One of the stories of the year so far has undoubtedly been the dramatic fall in US patent litigation filings in the first quarter. There were 947 from the beginning of January until the end of March, down from 1,554 the year before. It seems likely that the introduction of heightened pleading requirements last December had an impact, as plaintiffs rushed to file new suits last November before the new rules were introduced. The first full year since the Supreme Court’s Alice decision may also have had an effect as potential plaintiffs become more accustomed to a far greater level of uncertainty in infringement litigation.
What we don’t know quite yet is whether Q1 presaged a longer trend or represents a short-term correction. According to the most up-to-date figures from Lex Machina, new filings remain well down year-on-year with the total now at around 1680 – more 650 cases below 2015 levels. That suggests we may be looking at more than just a blip.
Approximately two-thirds of that drop in cases can be accounted for by a big fall in filings in the Eastern District of Texas. Last year was perhaps the most remarkable on record for the jurisdiction of choice for many patent plaintiffs as 2,536 new cases were filed there. These accounted for 44% of all new patent suits. So far this year plaintiffs have racked up 583 in EDT compared with 965 to this point in 2015, according to Lex Machina.
That would suggest a few forces could be at work. The new pleading requirements are undoubtedly playing a part, but just as significant may be a decision last year by Judge Rodney Gilstrap to throw out 168 cases brought by serial filer eDekka and to award almost $400,000 in attorney fees against the firm. As the judge who has by far the most patent suits on his docket, Gilstrap’s handling of that certainly got people’s attention.
However, despite the current decline in East Texas cases, Lex Machina’s estimate for this year shows that new filings are on course to hit just over 1,800, which would be the second busiest year on record for the district. So what’s going on? Well, those filers like eDekka that suddenly bring a big batch of cases are bringing fewer lawsuits.
Here’s the top 5 filers of new cases in Q1 this year:
|Sportbrain Holdings LLC||27 new lawsuits filed|
|Shipping and Transit LLC||25|
|Solocron Education LLC||17|
And the top 5 from last year:
|Wetro Lan LLC||55 new lawsuits filed|
|Data Carriers LLC||49|
|Qommerce Systems LLC||29|
Source: Lex Machina
So the most frequent case filers brought roughly half the number of lawsuits in the first quarter year-on-year, but both tables include a fairly typical of entities that are hardly household names.
Talking to lawyers on the ground they suggest that a lot of the cases that were filed in the run-up to the change in pleading standards were brought by just a handful of plaintiffs. That’s confirmed by Lex Machina’s review of litigation in 2015 which showed that there was a spike in cases from what it calls high volume plaintiffs in the last quarter.

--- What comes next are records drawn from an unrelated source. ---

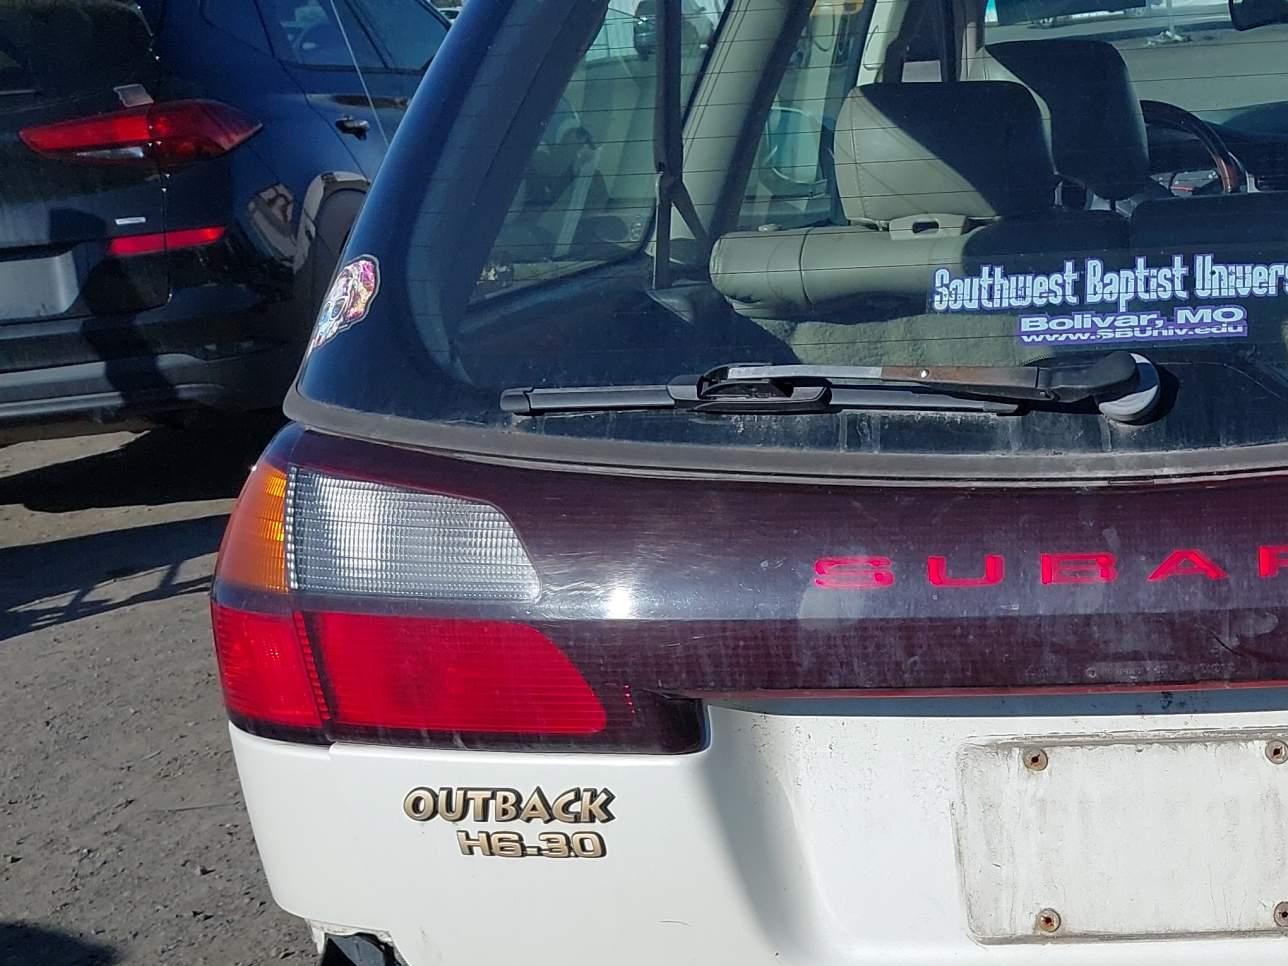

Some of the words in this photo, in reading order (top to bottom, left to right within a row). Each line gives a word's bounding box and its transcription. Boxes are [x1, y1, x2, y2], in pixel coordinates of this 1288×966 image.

[934, 260, 1078, 311] Southwest
[1087, 255, 1188, 312] Baptist
[1020, 313, 1164, 332] Bolivar,
[1177, 307, 1244, 325] MO
[403, 786, 616, 824] OUTBACK
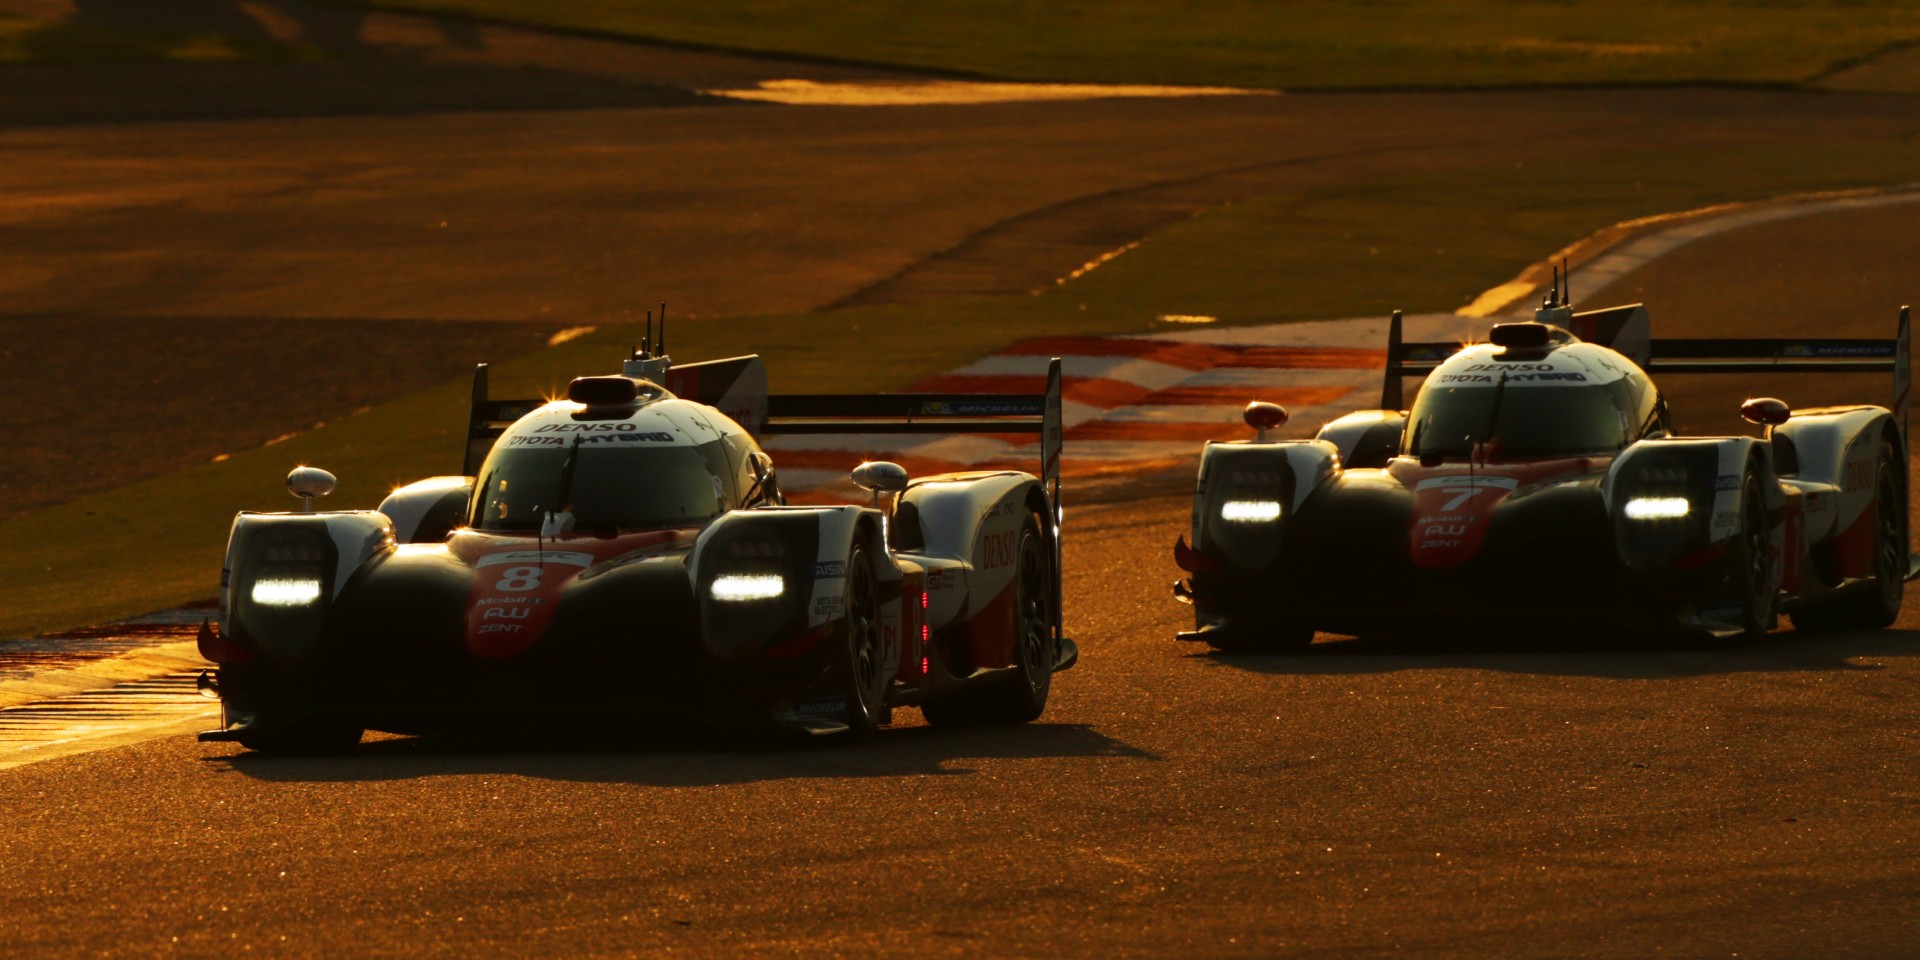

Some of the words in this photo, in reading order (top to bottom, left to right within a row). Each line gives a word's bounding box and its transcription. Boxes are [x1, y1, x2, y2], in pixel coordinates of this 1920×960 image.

[1463, 364, 1555, 372] DENSO
[1438, 374, 1491, 383] TOYOTA
[1503, 372, 1587, 382] HYBRID
[957, 404, 1041, 412] MICHELIN
[534, 423, 637, 433] DENSO
[508, 435, 565, 446] TOYOTA
[577, 432, 674, 444] HYBRID
[1440, 487, 1484, 512] 7
[1417, 516, 1462, 525] Mobil
[1420, 539, 1462, 549] ZENT
[984, 530, 1016, 570] DENSO
[815, 564, 846, 577] AISIN
[495, 566, 544, 592] 8
[476, 596, 527, 607] Mobil
[477, 623, 525, 635] ZENT

“The docket is back to where it was before last year,” comments Michael Smith of Siebman, Burg, Phillips & Smith, who is based in Marshall in East Texas. “The drop off in new cases is among those brought by plaintiffs that were generally thought to be the most egregious abusers of the system. It now looks a lot like the personal injury docket of about 15 years ago when people heard the Eastern District was a fantastic place to file. That’s true but only if you have a strong case."

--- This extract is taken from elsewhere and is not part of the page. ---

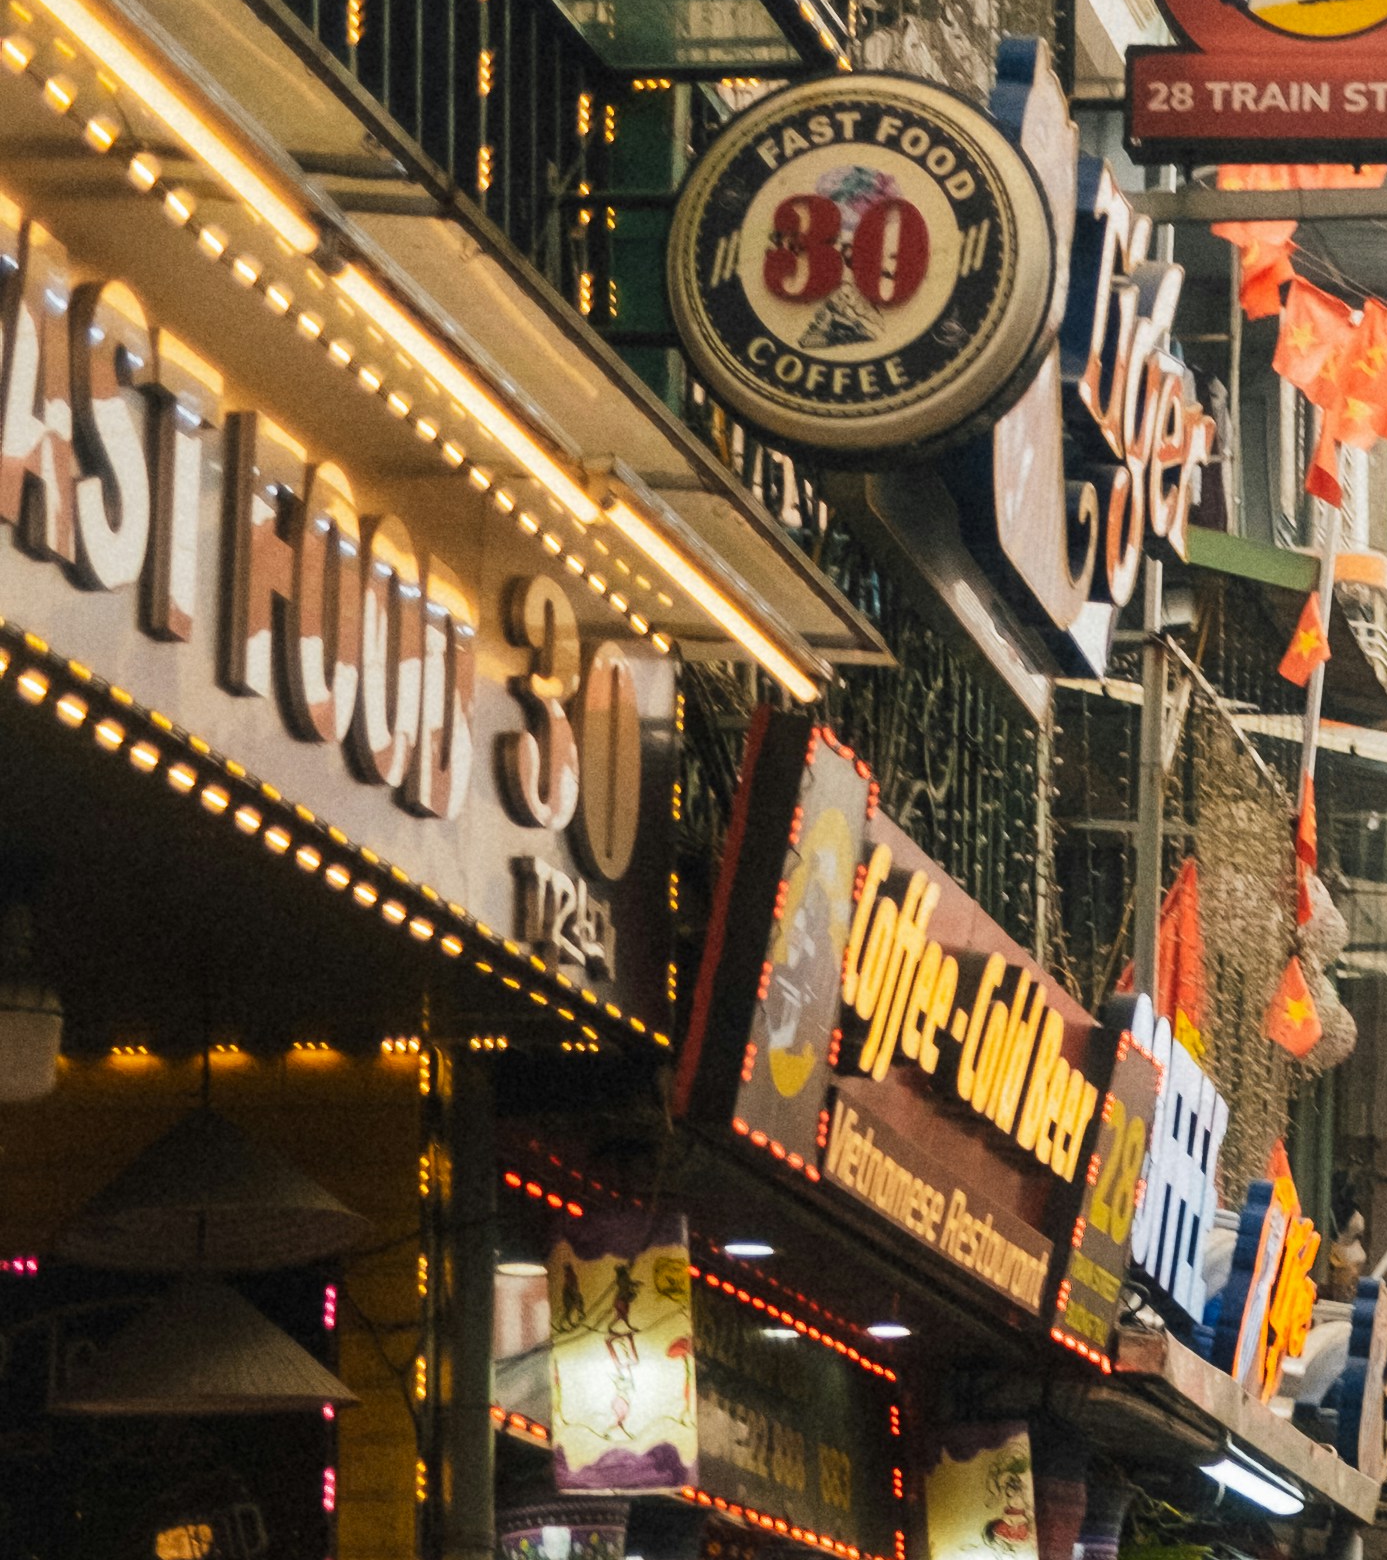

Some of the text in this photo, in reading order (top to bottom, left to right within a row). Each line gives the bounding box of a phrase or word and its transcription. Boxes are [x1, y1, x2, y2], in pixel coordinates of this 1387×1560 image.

Some may view Gilstrap’s handling of eDekka and particularly his decision to award fees in the case as a significant shift – Smith certainly casts it in a positive light. But to other East Texas lawyers it merely confirms the position that Gilstrap had been insisting he would take. “For those of us who practise in front of Gilstrap the fee award doesn’t do much more than serve as written acknowledgement of what he has been saying, that he respects recently handed down decisions,” insist Brian Dunne of Olavi Dunne.
There’s no doubt that for many plaintiffs East Texas still holds a considerable appeal for its perceived efficiency and for what are generally view to be far more favourable litigation conditions than most other districts. That sense that they’re far more likely to get a fair hearing in Tyler or Marshall is enough to keep patent owners returning. Plus local judges have taken a far more patent-owner friendly stance on patentability issues since Alice.
Its plaintiff friendly status also means that the issue of venue reform – which is really about making it far harder for companies to bring suits in East Texas – is never far away in the great US patent debate. Two legislators have recently introduced a standalone bill aimed at addressing the issue, although Senator Grassley, the chair of the Senate Judiciary Committee, disclosed that his preference was to pass a broader-based piece of legislation like the upper chamber’s PATENT Act.
Despite Grassley’s comment some local practitioners think that changes are inevitable. “When you have any single issue that has as much money on one side as getting patent cases out of the Eastern District of Texas then you have to assume that something’s going to happen,” admits Dunne.
How a continued decline in litigation volume impacts the legislative arguments will be worth keeping an eye on. If the first few months of this year are anything to go by then litigation numbers are going to drop in East Texas. It just may not be enough to assuage those who insist that venue reform should be part of any patent legislation.